We each had the opportunity to share a few words, if we chose. All of us felt tremendous gratitude for one another and our individual and shared experiences. We were gifted with a deerskin pouch sewn by Donna that contained a quartz crystal that’s birthing another crystal, symbolic of our rebirthing journeys, and some ash from the sacred fire that brings blessings and protection.

talk
Words can’t express the amount of gratitude and love I felt at this moment, but that didn’t stop me from trying.
footbath
Drying Michael’s feet.

The initiates bathed and anointed Michael’s feet, a supremely heartfelt honor. Donna gifted him with a sculpture of the profile of a man with a white eagle perched above, a true representation of this powerful medicine man. I gifted Michael with the rose quartz crystal that rested upon the giving tree. Michael invited me to teach at Dancing Coyote Canyon next summer and I am honored to do so. We had the option to burn our prayer ties in the fire, but I chose to bring mine home to hang around our property.

Together, we enjoyed a tantalizing feast of lovingly prepared food contributed by everyone, complemented with delightful conversation. I am deeply humbled by this opportunity, and the tremendous gift of love and support from all that accompanied me. For a powerfully unique and individualized experience, it could not have been done without my tribe, seen and unseen, near and far. It’s an honor to know that my quest will continue to unfold with me for days, weeks, possibly years to come.

When I arrived at home, Greg met me in the driveway, as he was anxious to see what I looked like after three days in the woods without a shower. “You look feral,” he stated.

I giggled, “I do?”

“Yeah, it’s a good look for you,” he smiled and hugged me. Tabitha was happy I didn’t get eaten by a mountain lion. The answer to their burning question–perhaps yours as well–is “Once. Buried with the toilet paper.”

 

A special thank you to Paul Kemnitzer for use of his photos. You can view all photos from this quest at Paul’s photo gallery. And thank you to Michael Farmer, the magic of Dancing Coyote Canyon, Donna and Susan.

8 Comments on One Woman’s Quest for a Vision

  1. Samantha Heimstead
    September 23, 2013 at 12:27 am (11 years ago)

    Thank you for sharing this Sabrina!

  2. Cathrine
    September 23, 2013 at 1:05 am (11 years ago)

    Thank you so much for this beautiful start to my day <3 !

    I am so so so in love with that heart 🙂 that photo is so powerful to me 🙂 <3 .

    Very Grateful for you in my life and thank you for sharing this.

  3. Linden Sea
    September 23, 2013 at 7:11 am (11 years ago)

    🙂 <3 !!!

  4. Sabrina Fritts
    September 23, 2013 at 3:45 pm (11 years ago)

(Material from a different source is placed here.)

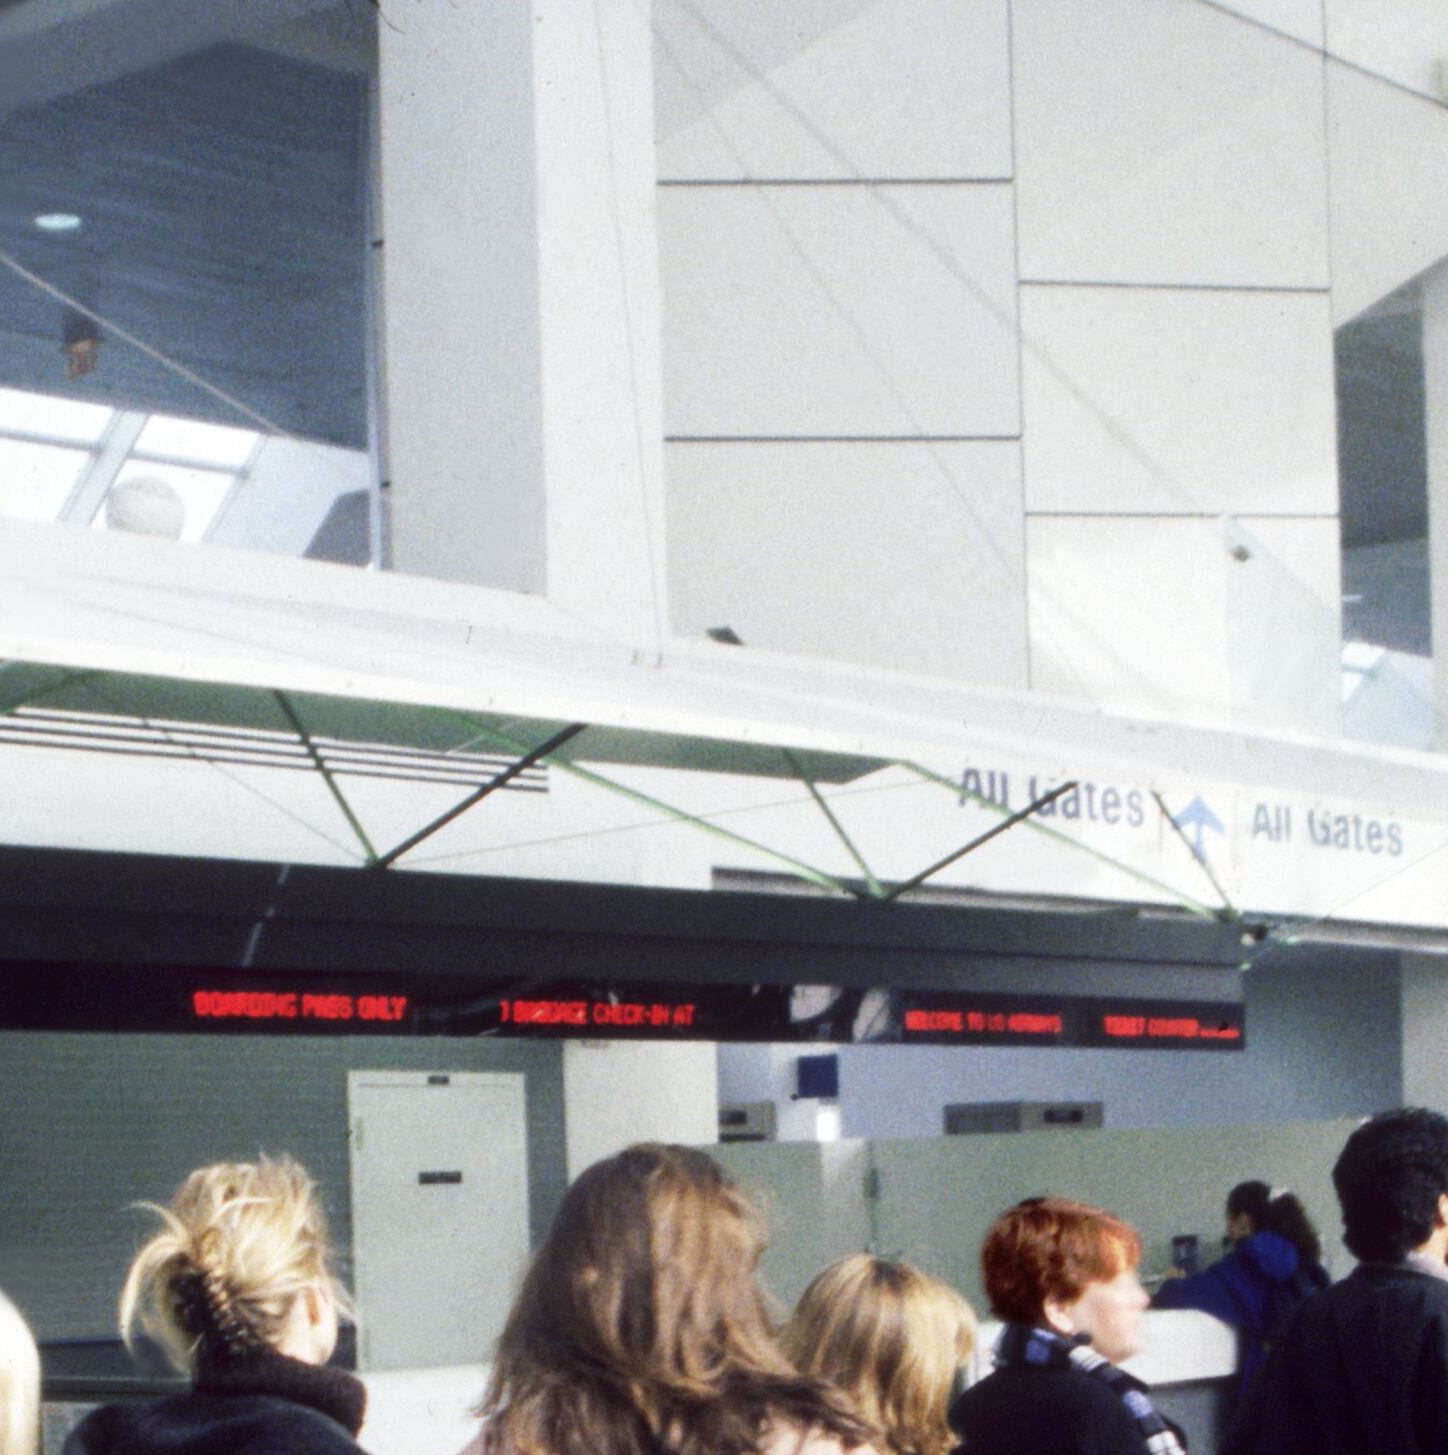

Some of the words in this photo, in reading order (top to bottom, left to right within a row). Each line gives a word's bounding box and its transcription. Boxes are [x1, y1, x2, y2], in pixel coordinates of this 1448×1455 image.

[957, 767, 1009, 809] All
[1253, 802, 1291, 842] All
[1307, 808, 1402, 857] Gates
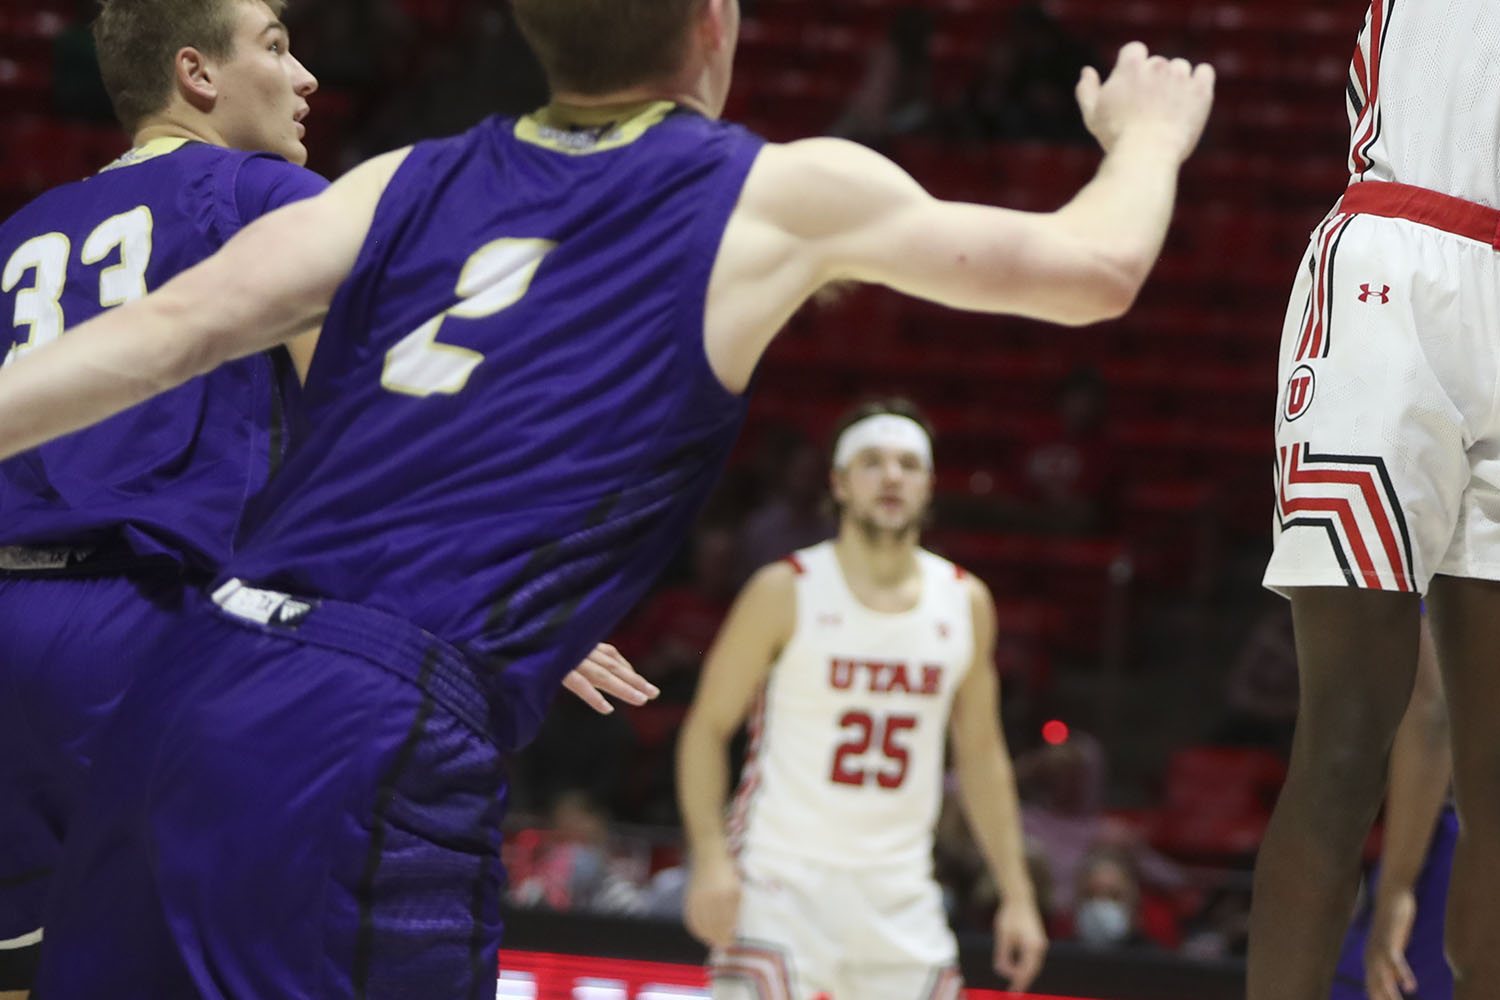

    I carry you with me, always!

  5. Linden Sea
    September 23, 2013 at 6:44 pm (11 years ago)

    Grateful <3

  6. Kathleen Dense-Heitmann
    September 24, 2013 at 4:42 pm (11 years ago)

    Thank you for sharing your beautiful journey with us. Once again, you have outdone yourself, Sabrina Fritz!!!! <3 I love you so much!!!

  7. Sabrina Fritts
    September 25, 2013 at 1:08 am (11 years ago)

    Love you, too, Kathleen! I'm glad you enjoyed it <3

  8. Gloria Cordova
    September 25, 2013 at 4:24 pm (11 years ago)

    Blessings for sharing with us. Your experience enriches my soul!